Task prompt: Could you retype exactly the line containing "Some of the text" and every line after it in the data below, leaving out the pictures?
[Data to use]
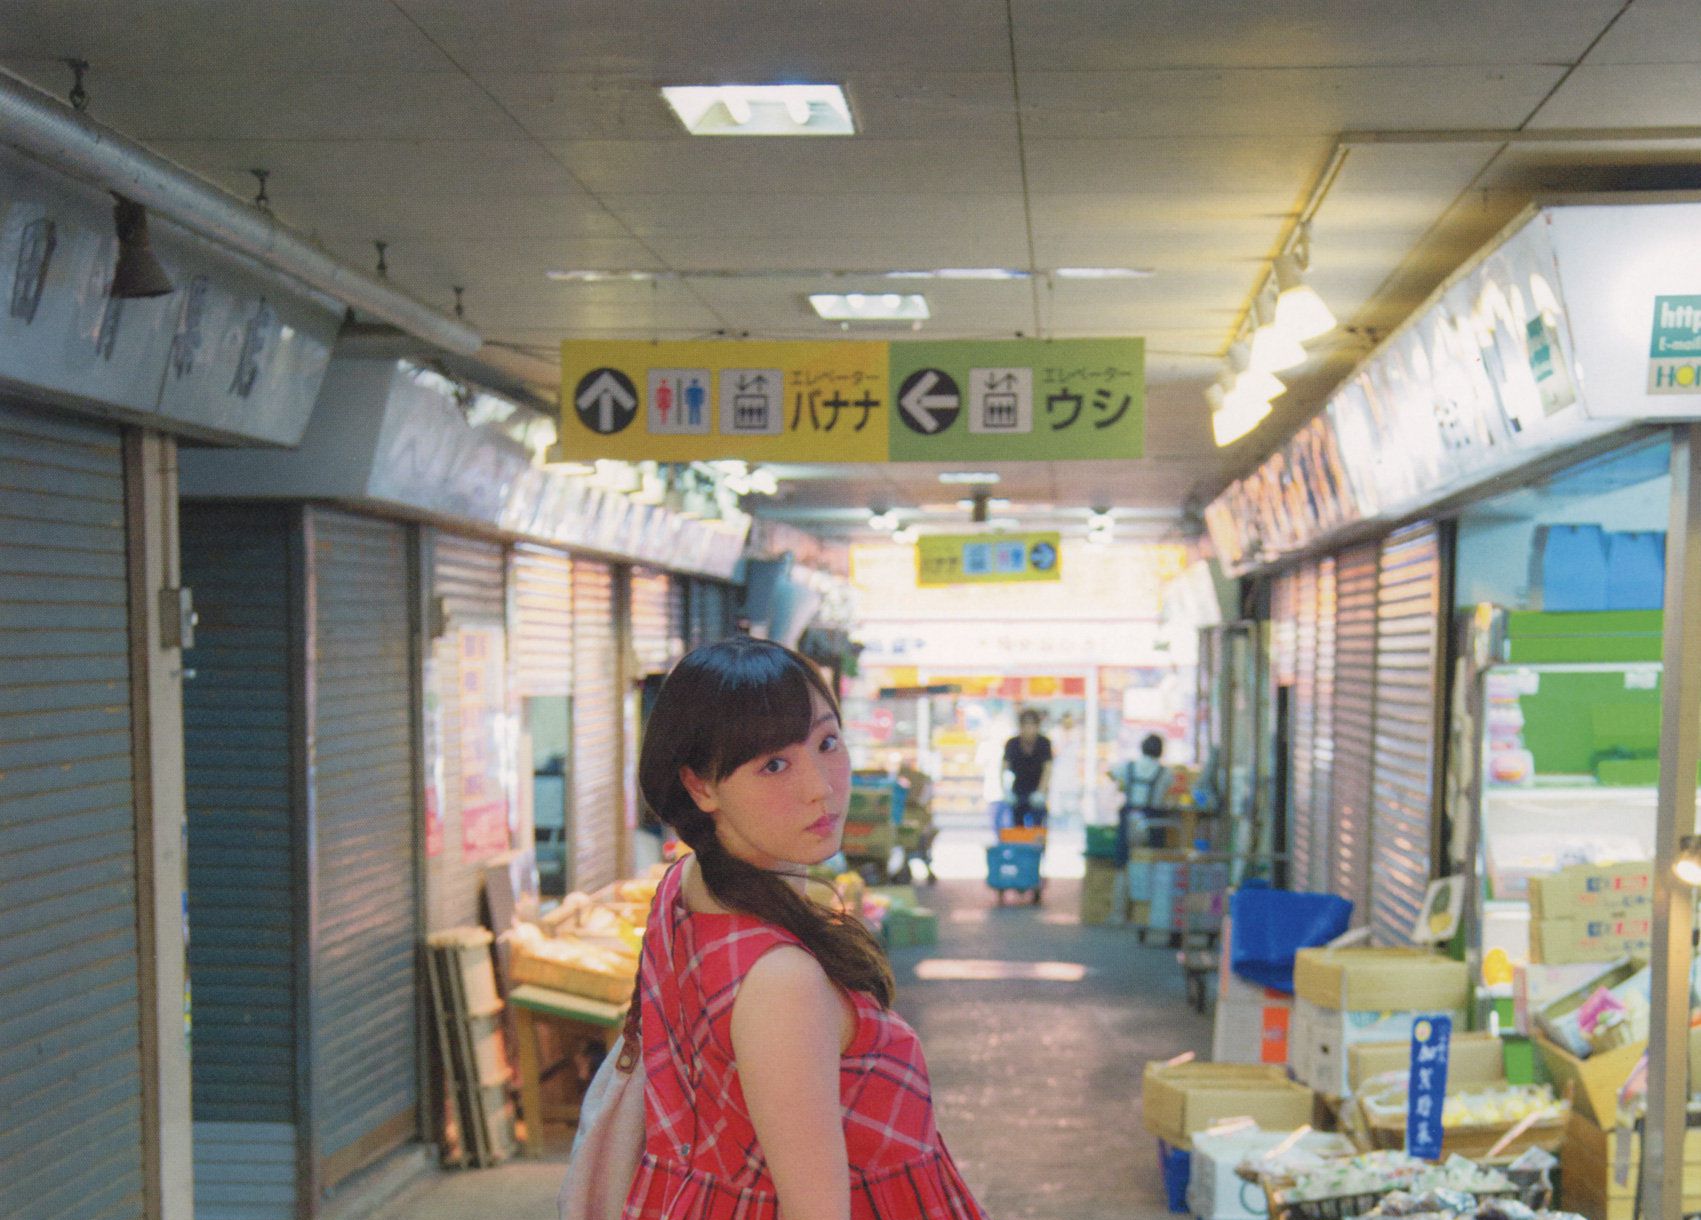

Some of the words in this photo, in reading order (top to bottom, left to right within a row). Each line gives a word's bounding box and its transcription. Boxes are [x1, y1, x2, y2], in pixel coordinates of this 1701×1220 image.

[790, 370, 880, 385] エレベーター
[1041, 367, 1132, 383] エレベーター
[790, 389, 881, 431] バナナ
[1046, 387, 1132, 430] ウシ
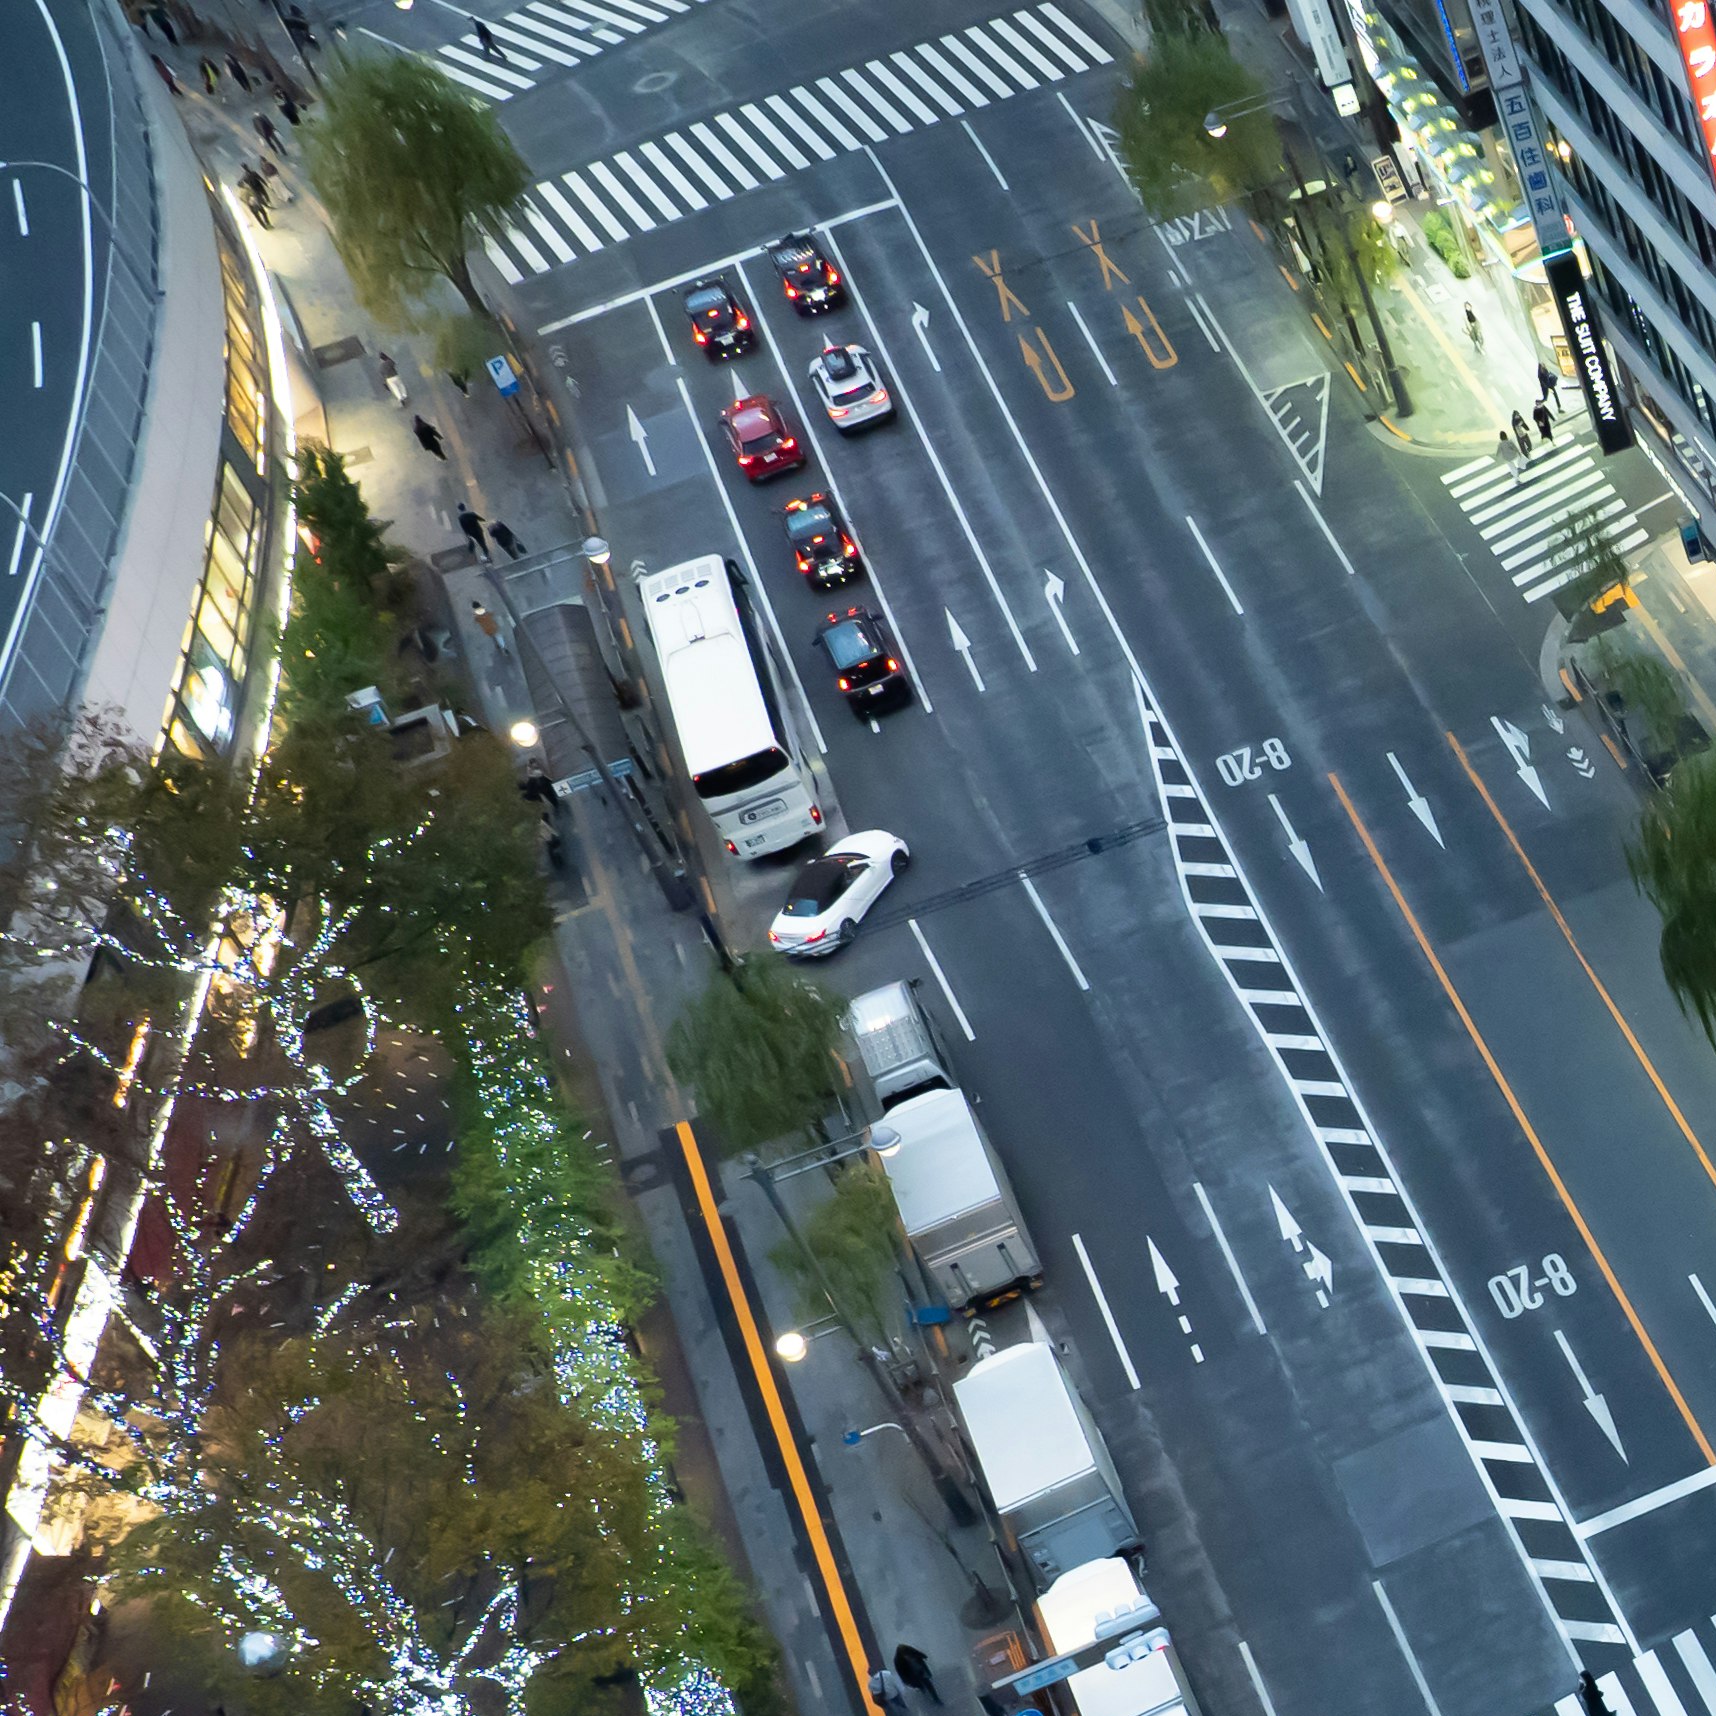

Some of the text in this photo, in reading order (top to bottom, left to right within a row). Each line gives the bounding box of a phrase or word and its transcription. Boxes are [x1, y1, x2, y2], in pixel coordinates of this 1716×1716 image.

[1566, 291, 1617, 421] THE SUIT COMPANY
[1215, 737, 1290, 788] 8-20
[1487, 1252, 1578, 1320] 8-20
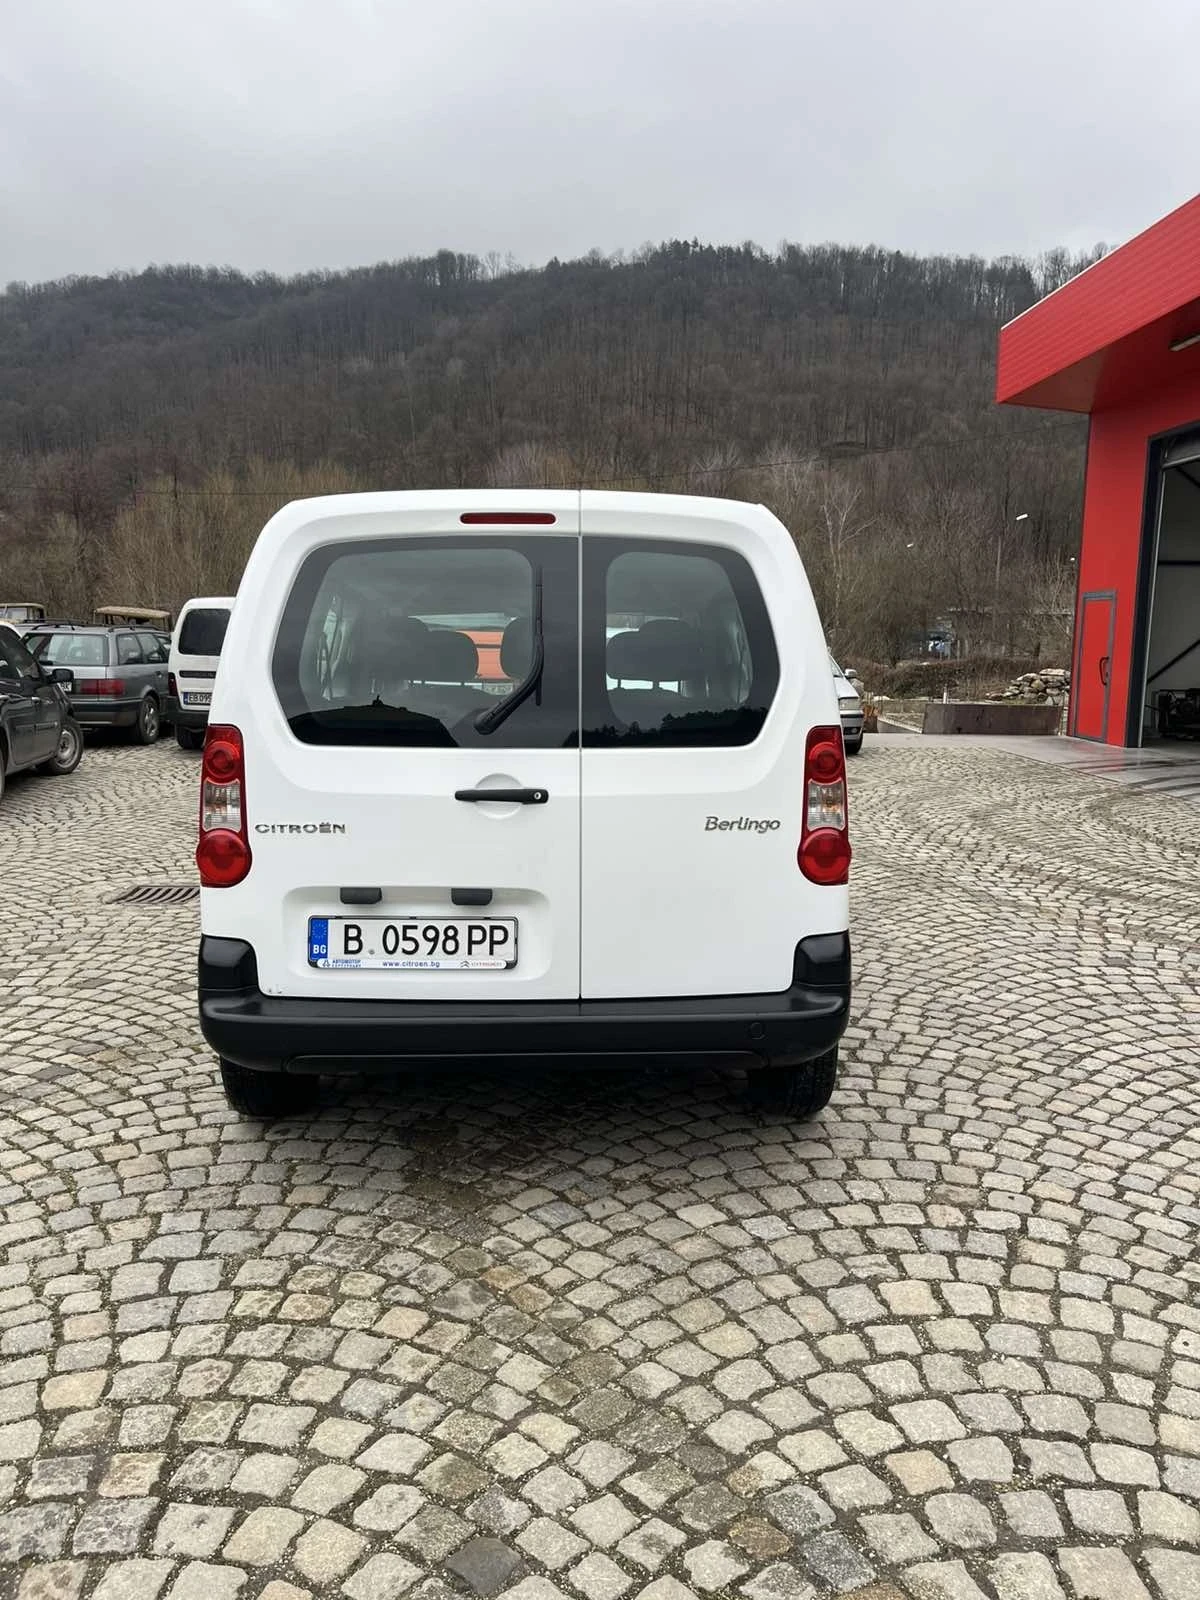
[/Data to use]
Exercise response:
Some of the text in this photo, in reading order (top to bottom, left to right within a row). Each line gives the bounding box of a phrase or word and its transcription. Boxes are [x1, y1, x2, y2], in pixel coordinates of this 1716×1716 image.

[1566, 291, 1617, 421] THE SUIT COMPANY
[1215, 737, 1290, 788] 8-20
[1487, 1252, 1578, 1320] 8-20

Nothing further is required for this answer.